#### Dataset excerpts
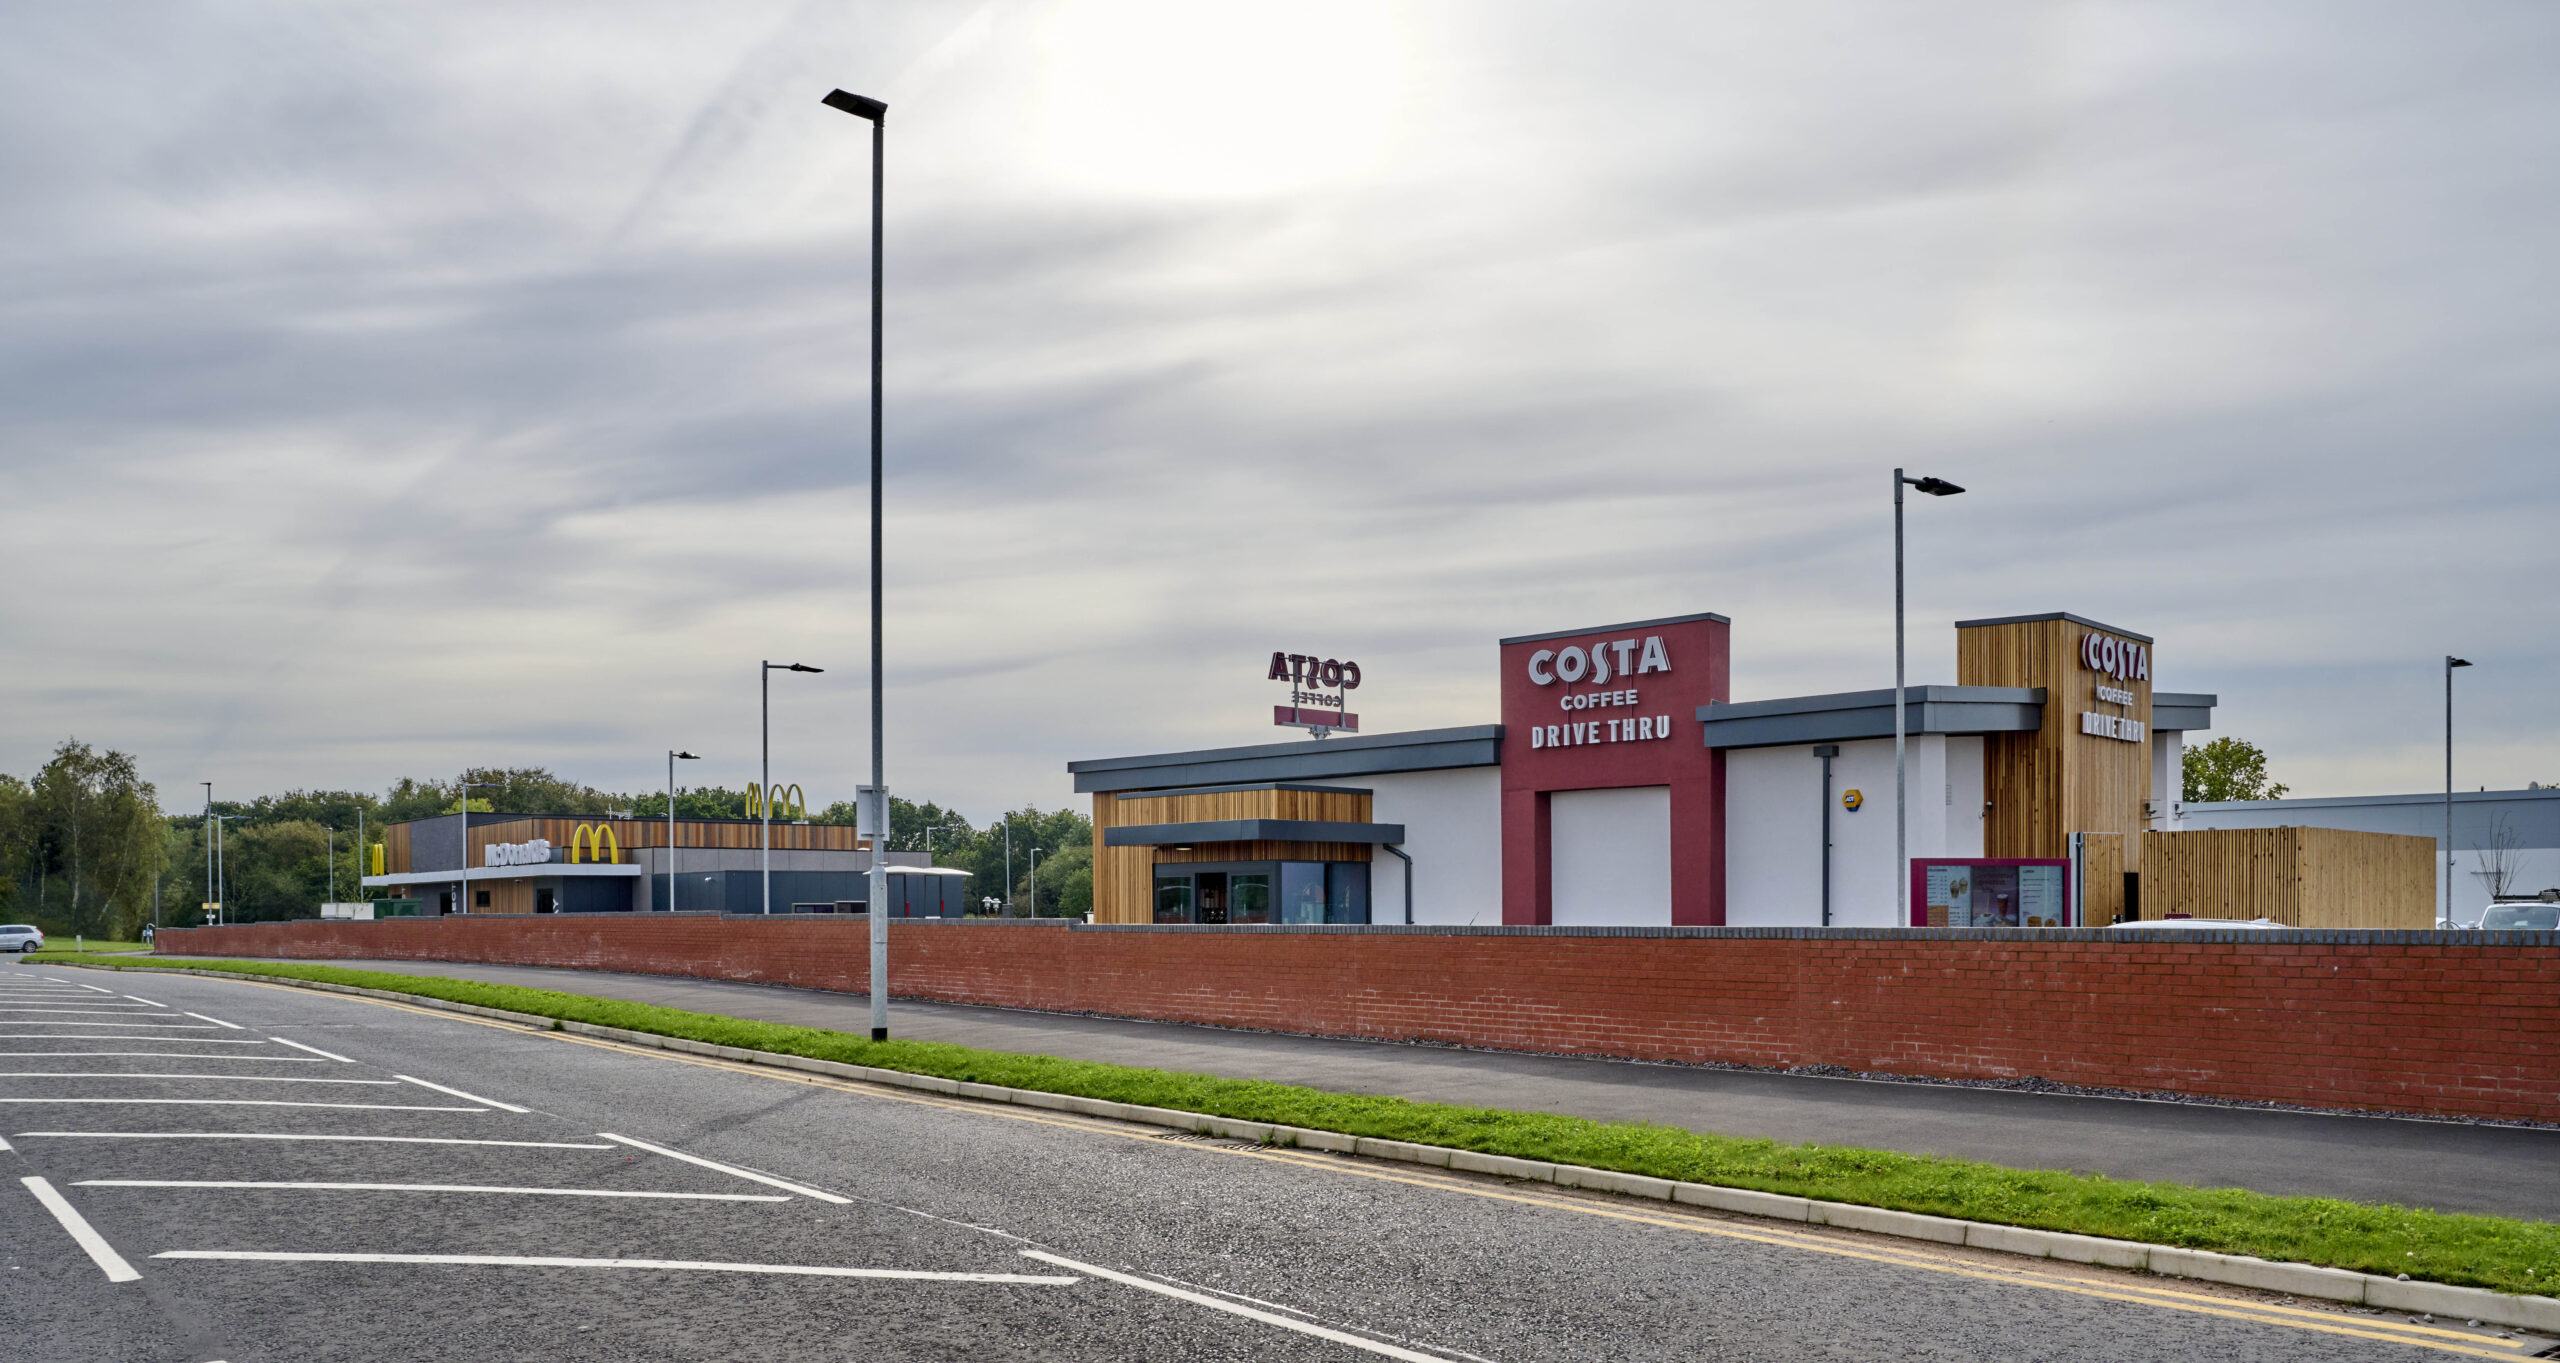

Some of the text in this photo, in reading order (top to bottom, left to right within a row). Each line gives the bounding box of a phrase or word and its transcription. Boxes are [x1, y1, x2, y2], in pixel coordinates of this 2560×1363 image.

[1528, 635, 1672, 686] COSTA
[2082, 632, 2149, 682] COSTA
[1560, 689, 1638, 711] COFFEE
[2097, 685, 2133, 706] COFFEE
[1531, 715, 1671, 749] DRIVE THRU
[2082, 711, 2145, 743] DRIVE THRU
########
■ **Work to complete**
Write out the material exactly as it stands, omitting every picture.

■ **Exercise output**
Some of the text in this photo, in reading order (top to bottom, left to right within a row). Each line gives the bounding box of a phrase or word and its transcription. Boxes are [x1, y1, x2, y2], in pixel coordinates of this 2560×1363 image.

[1528, 635, 1672, 686] COSTA
[2082, 632, 2149, 682] COSTA
[1560, 689, 1638, 711] COFFEE
[2097, 685, 2133, 706] COFFEE
[1531, 715, 1671, 749] DRIVE THRU
[2082, 711, 2145, 743] DRIVE THRU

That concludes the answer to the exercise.